## [TASK REQUIREMENTS]
Copy out each entry below verbatim, skipping the images.
--
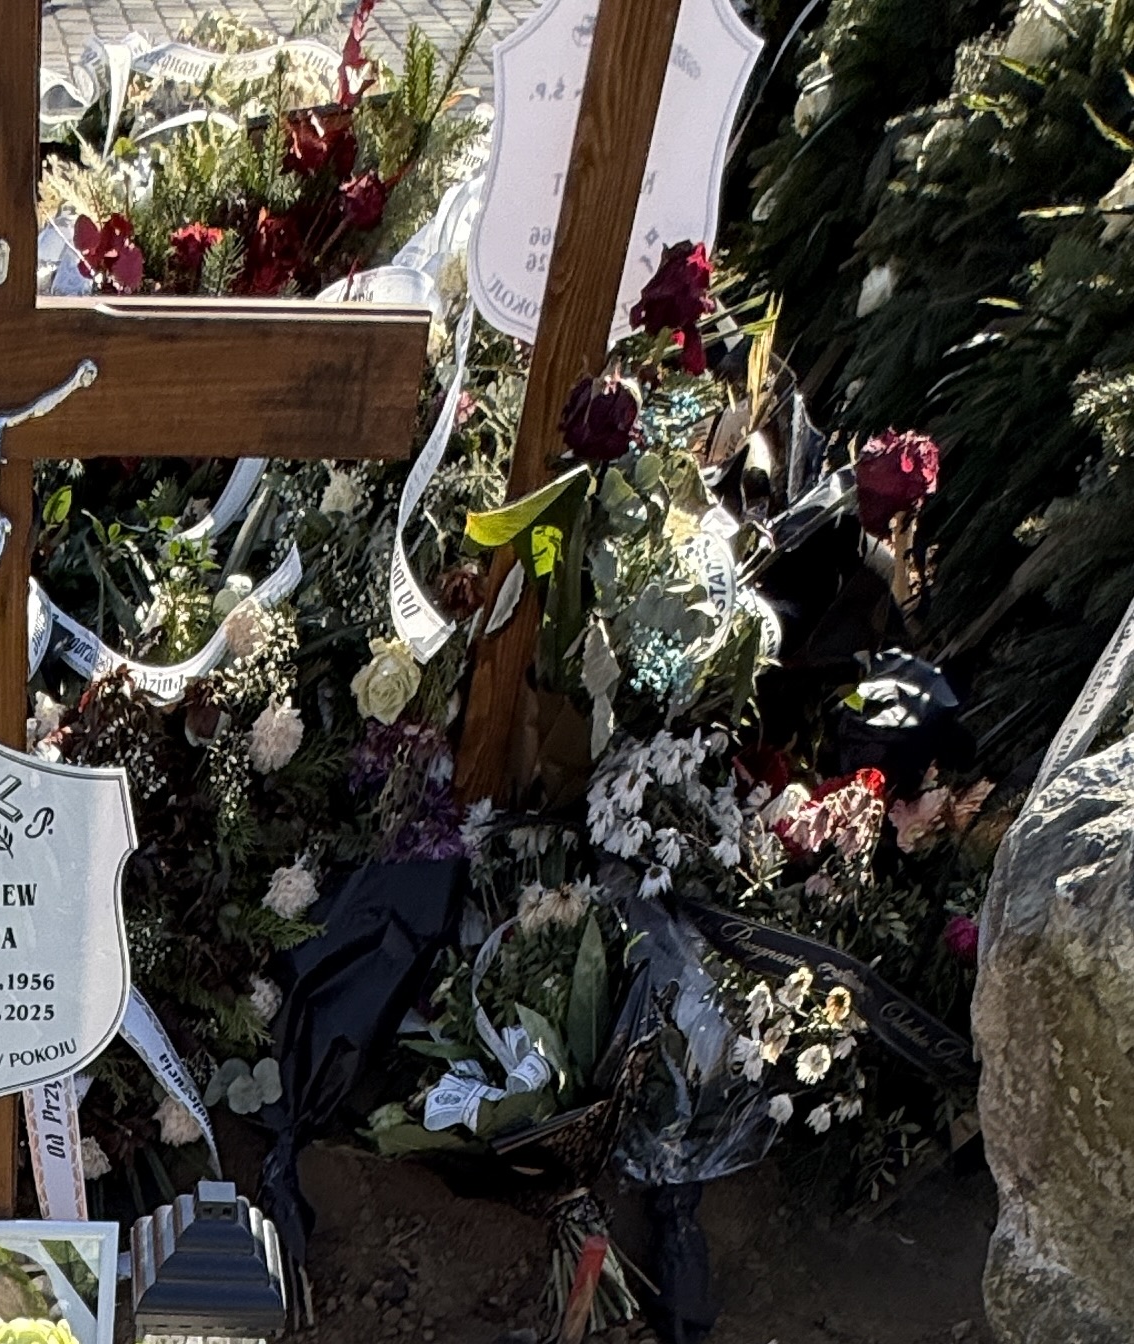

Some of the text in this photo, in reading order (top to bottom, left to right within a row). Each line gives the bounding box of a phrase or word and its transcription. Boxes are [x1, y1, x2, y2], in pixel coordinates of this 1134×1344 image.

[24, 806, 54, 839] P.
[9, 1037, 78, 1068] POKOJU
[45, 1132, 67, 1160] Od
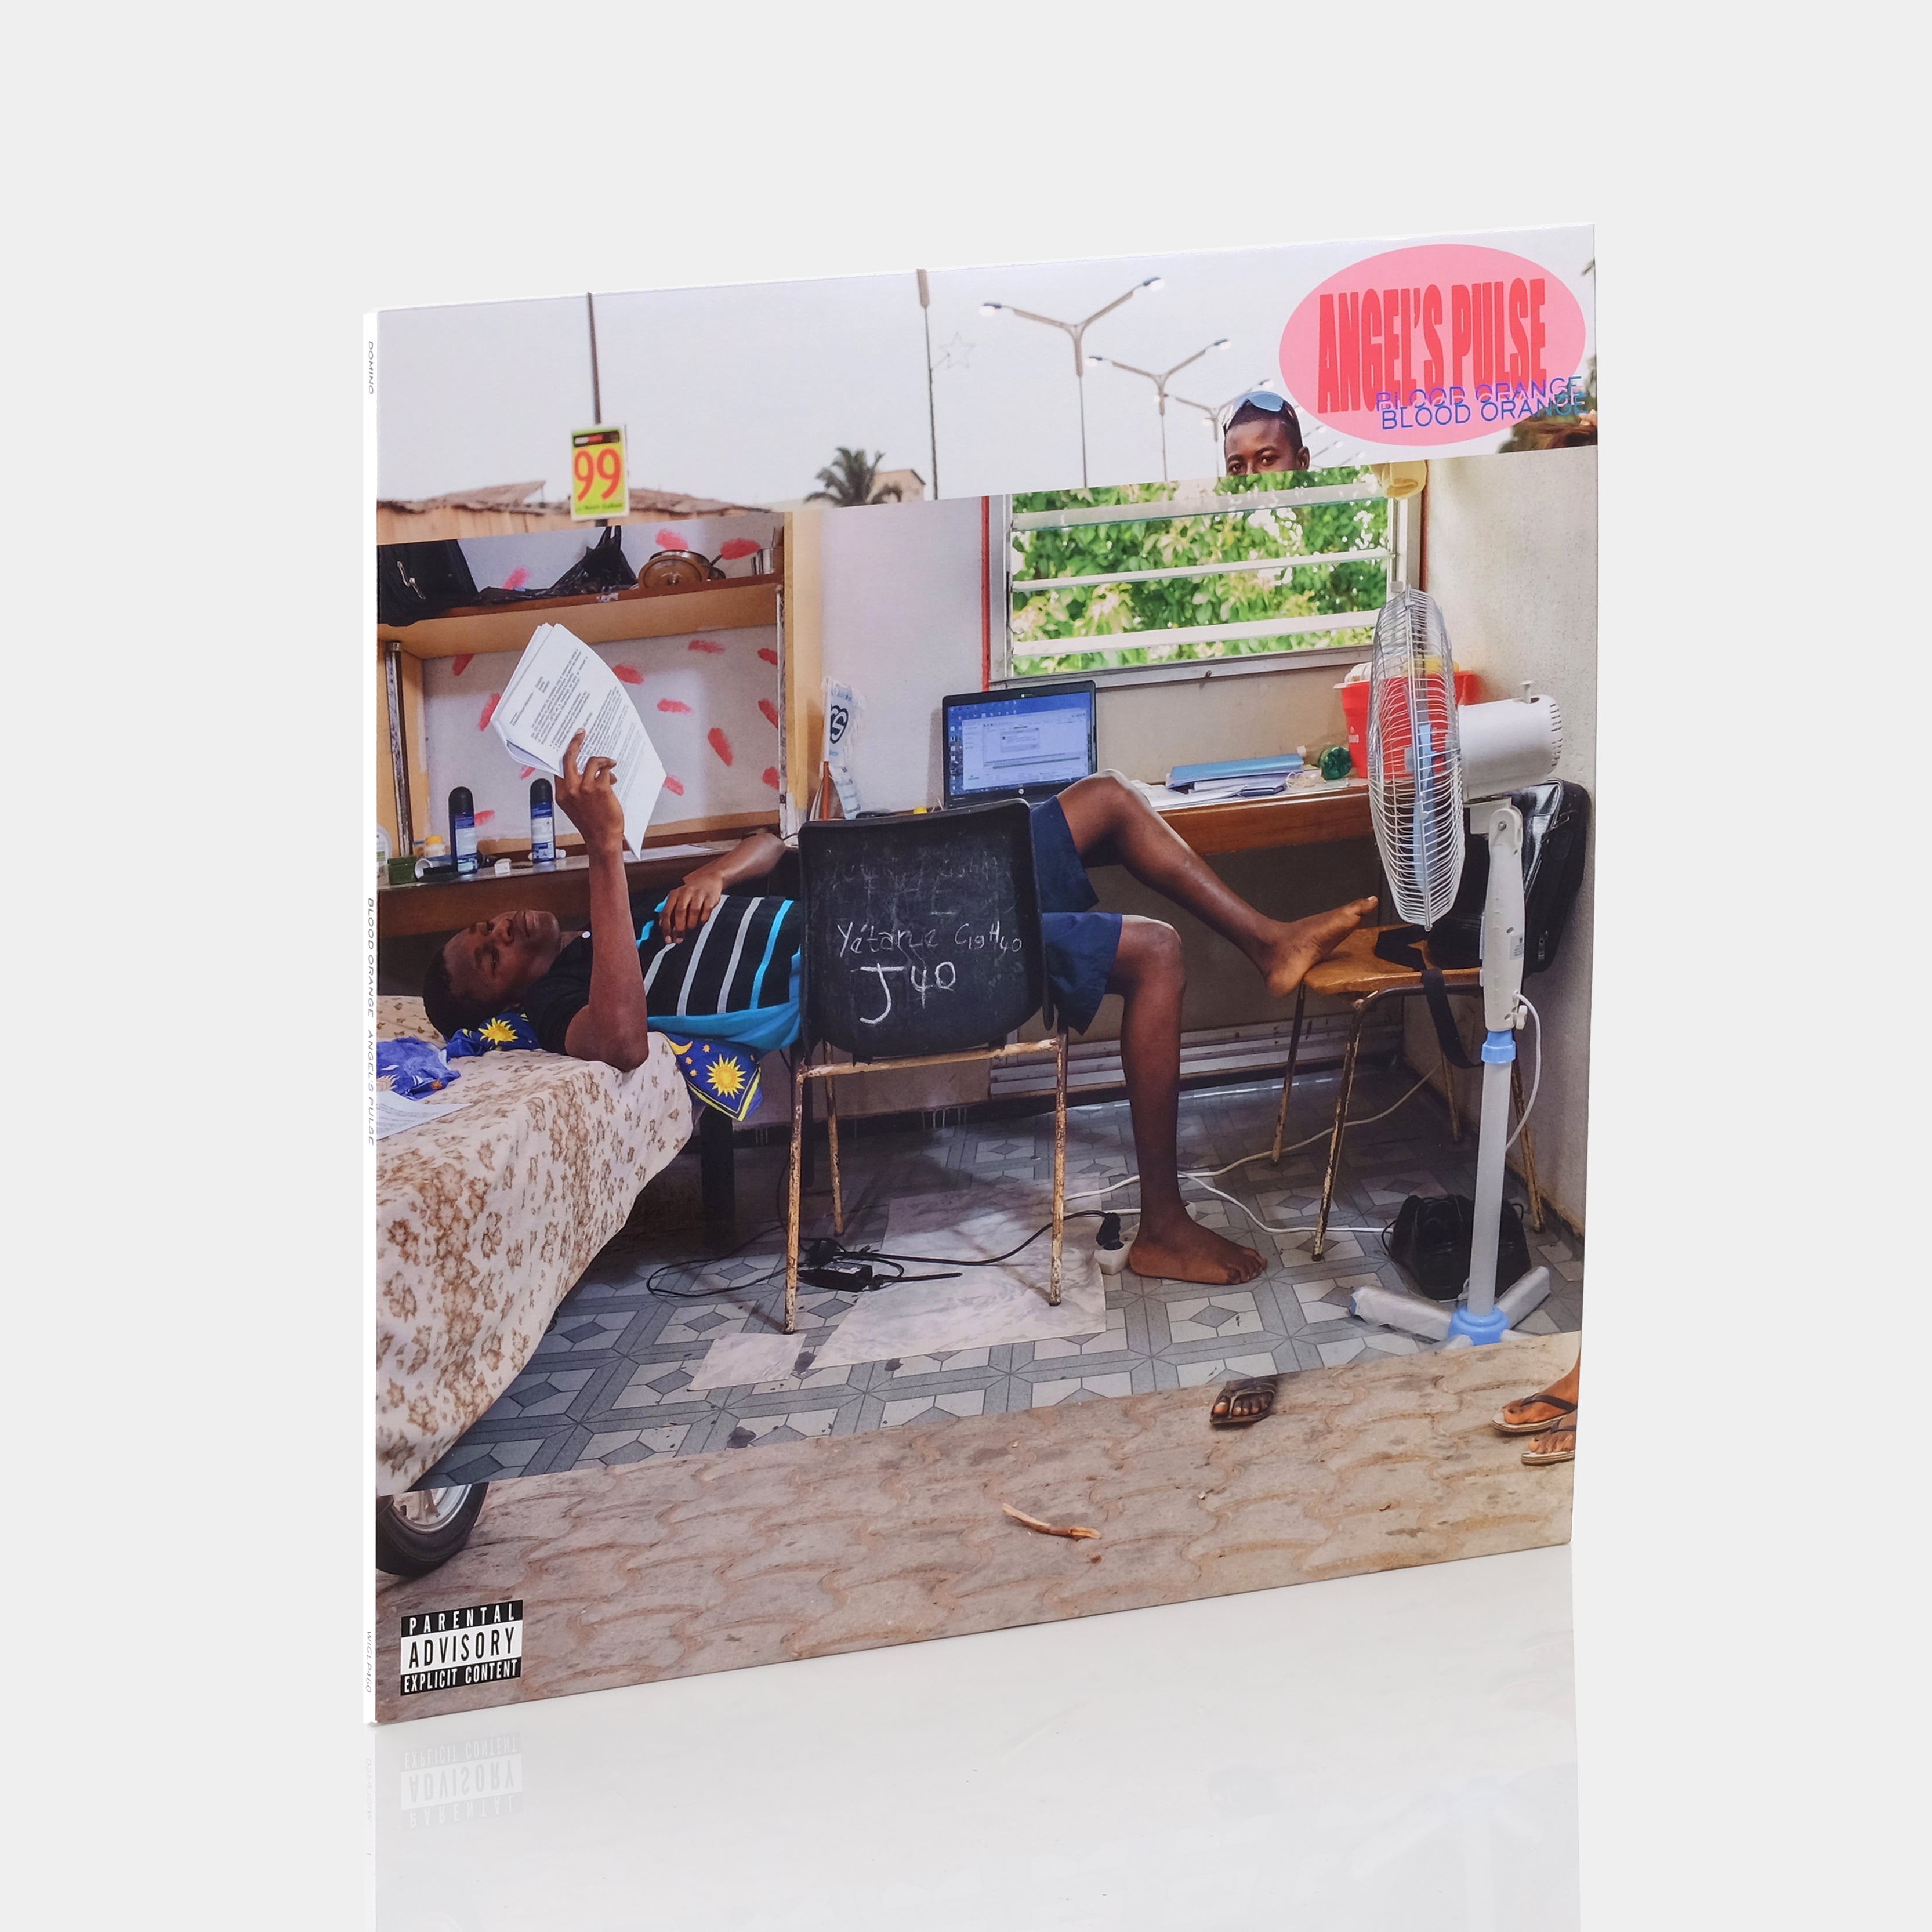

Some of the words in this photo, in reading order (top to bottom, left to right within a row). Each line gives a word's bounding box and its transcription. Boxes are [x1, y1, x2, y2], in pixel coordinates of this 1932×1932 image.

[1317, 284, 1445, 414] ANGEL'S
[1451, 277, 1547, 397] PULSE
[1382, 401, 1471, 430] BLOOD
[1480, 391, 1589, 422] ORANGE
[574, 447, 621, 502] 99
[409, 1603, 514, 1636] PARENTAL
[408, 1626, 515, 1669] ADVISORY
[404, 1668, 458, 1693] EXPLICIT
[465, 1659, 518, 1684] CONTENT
--
## [EXPECTED ANSWER]
Some of the text in this photo, in reading order (top to bottom, left to right within a row). Each line gives the bounding box of a phrase or word and its transcription. Boxes are [x1, y1, x2, y2], in pixel coordinates of this 1134×1344 image.

[24, 806, 54, 839] P.
[9, 1037, 78, 1068] POKOJU
[45, 1132, 67, 1160] Od

Some of the words in this photo, in reading order (top to bottom, left to right within a row). Each line gives a word's bounding box and its transcription. Boxes are [x1, y1, x2, y2], in pixel coordinates of this 1932×1932 image.

[1317, 284, 1445, 414] ANGEL'S
[1451, 277, 1547, 397] PULSE
[1382, 401, 1471, 430] BLOOD
[1480, 391, 1589, 422] ORANGE
[574, 447, 621, 502] 99
[409, 1603, 514, 1636] PARENTAL
[408, 1626, 515, 1669] ADVISORY
[404, 1668, 458, 1693] EXPLICIT
[465, 1659, 518, 1684] CONTENT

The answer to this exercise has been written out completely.